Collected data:
**********

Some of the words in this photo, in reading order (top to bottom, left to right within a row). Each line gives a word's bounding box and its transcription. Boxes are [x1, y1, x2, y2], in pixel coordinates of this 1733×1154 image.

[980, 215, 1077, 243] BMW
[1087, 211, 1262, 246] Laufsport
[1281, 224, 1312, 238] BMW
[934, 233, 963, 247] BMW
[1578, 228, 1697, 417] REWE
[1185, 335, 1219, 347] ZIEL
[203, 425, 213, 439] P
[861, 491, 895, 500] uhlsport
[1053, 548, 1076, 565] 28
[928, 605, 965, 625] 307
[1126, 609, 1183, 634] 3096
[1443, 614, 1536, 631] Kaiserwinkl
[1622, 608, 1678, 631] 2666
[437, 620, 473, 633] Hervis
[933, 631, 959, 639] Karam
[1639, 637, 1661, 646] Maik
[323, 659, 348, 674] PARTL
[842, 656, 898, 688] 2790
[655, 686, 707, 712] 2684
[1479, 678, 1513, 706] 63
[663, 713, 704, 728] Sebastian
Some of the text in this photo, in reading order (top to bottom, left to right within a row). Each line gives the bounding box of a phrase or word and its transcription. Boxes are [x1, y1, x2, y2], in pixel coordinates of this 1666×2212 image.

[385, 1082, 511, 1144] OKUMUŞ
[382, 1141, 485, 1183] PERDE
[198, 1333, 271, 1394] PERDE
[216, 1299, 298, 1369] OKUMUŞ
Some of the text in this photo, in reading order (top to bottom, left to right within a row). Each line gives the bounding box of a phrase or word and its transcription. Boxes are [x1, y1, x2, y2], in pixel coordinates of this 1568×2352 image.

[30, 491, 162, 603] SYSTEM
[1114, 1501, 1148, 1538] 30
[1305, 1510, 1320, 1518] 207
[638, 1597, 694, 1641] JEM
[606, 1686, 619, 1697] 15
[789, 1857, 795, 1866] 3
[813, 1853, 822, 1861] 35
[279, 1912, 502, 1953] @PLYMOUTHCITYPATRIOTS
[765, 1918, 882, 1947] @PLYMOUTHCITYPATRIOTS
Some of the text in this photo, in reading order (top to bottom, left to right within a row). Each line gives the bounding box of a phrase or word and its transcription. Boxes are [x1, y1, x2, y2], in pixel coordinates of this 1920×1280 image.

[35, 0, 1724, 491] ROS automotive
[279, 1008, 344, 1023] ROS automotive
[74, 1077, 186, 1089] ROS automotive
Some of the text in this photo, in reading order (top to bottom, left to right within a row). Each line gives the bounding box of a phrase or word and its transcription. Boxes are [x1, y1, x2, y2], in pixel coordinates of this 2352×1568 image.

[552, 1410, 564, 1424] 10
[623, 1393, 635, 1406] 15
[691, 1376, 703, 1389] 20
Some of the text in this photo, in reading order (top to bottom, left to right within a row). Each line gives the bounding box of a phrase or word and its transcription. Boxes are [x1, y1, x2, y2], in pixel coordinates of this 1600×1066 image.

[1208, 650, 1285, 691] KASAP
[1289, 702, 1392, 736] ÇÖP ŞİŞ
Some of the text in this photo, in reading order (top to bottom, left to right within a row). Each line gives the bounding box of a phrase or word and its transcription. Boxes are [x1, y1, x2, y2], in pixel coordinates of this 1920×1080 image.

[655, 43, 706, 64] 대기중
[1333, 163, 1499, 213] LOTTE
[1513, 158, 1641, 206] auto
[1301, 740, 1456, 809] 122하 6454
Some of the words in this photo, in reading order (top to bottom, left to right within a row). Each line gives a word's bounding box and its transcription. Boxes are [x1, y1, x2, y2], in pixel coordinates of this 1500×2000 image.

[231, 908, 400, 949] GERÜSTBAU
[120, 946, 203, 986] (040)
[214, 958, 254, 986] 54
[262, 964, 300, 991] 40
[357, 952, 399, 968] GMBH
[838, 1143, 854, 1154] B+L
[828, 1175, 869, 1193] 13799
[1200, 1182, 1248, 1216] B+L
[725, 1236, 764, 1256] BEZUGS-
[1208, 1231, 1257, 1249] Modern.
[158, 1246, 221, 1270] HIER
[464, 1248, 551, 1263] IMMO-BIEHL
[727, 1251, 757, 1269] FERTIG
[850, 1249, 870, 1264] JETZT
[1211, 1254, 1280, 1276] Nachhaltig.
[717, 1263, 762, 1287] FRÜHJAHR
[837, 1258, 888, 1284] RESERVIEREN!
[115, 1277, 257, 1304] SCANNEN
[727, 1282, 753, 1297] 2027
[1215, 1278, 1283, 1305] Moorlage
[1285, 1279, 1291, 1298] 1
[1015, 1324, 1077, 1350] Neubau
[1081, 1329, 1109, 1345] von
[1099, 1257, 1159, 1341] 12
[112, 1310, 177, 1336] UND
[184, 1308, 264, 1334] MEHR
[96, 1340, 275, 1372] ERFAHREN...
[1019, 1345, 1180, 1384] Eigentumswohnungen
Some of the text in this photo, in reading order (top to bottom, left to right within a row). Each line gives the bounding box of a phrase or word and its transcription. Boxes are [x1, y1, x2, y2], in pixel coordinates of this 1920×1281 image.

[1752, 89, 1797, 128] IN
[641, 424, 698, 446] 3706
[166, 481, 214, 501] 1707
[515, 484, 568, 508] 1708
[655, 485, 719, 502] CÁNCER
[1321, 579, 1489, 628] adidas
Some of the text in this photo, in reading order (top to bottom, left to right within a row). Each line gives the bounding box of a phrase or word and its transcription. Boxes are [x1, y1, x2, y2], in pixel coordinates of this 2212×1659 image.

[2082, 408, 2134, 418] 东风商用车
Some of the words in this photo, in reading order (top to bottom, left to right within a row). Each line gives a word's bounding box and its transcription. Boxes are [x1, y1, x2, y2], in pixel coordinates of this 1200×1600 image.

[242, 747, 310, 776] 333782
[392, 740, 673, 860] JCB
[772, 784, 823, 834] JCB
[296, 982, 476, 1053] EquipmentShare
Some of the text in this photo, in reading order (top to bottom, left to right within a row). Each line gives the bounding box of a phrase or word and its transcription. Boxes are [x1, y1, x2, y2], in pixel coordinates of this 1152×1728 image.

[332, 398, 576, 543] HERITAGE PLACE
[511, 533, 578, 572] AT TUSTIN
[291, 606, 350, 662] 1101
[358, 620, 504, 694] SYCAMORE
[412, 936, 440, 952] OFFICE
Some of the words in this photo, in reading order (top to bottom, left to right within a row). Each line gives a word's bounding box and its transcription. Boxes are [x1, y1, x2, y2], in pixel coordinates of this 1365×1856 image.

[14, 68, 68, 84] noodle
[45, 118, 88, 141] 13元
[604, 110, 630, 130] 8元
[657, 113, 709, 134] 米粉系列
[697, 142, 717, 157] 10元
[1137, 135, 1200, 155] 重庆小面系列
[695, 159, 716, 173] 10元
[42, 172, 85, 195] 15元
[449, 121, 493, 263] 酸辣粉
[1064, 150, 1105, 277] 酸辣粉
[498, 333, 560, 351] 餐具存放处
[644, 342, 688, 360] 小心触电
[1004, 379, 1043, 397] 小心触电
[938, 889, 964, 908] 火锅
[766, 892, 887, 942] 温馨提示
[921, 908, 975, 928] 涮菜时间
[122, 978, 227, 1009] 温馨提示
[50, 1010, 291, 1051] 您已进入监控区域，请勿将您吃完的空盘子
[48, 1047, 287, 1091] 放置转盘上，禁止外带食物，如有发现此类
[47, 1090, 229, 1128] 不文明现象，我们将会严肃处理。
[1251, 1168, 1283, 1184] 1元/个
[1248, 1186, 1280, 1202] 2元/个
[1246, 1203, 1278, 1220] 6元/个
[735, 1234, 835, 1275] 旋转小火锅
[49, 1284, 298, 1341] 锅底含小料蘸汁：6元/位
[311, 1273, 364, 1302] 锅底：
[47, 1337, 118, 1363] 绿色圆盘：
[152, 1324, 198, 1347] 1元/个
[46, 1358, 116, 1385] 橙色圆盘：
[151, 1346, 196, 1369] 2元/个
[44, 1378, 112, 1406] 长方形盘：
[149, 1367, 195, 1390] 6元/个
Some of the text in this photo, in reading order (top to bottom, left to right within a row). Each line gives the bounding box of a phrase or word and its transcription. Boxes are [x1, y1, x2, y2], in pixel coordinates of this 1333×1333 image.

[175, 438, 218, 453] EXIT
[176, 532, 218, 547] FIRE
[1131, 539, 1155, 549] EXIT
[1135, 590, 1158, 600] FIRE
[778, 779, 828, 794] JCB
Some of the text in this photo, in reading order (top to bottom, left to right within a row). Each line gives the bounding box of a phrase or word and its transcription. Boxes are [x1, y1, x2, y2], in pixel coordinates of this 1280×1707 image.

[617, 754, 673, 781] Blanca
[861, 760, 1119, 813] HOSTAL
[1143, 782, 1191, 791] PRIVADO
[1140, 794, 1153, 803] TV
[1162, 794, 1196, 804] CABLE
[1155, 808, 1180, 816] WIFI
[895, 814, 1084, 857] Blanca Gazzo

**********

• [PROBLEM TO WORK ON]:
From the line containing "this 1333×1333 image." to the final line of the data, repeat each line exactly. Include both ends.

• [RESULT]:
Some of the text in this photo, in reading order (top to bottom, left to right within a row). Each line gives the bounding box of a phrase or word and its transcription. Boxes are [x1, y1, x2, y2], in pixel coordinates of this 1333×1333 image.

[175, 438, 218, 453] EXIT
[176, 532, 218, 547] FIRE
[1131, 539, 1155, 549] EXIT
[1135, 590, 1158, 600] FIRE
[778, 779, 828, 794] JCB
Some of the text in this photo, in reading order (top to bottom, left to right within a row). Each line gives the bounding box of a phrase or word and its transcription. Boxes are [x1, y1, x2, y2], in pixel coordinates of this 1280×1707 image.

[617, 754, 673, 781] Blanca
[861, 760, 1119, 813] HOSTAL
[1143, 782, 1191, 791] PRIVADO
[1140, 794, 1153, 803] TV
[1162, 794, 1196, 804] CABLE
[1155, 808, 1180, 816] WIFI
[895, 814, 1084, 857] Blanca Gazzo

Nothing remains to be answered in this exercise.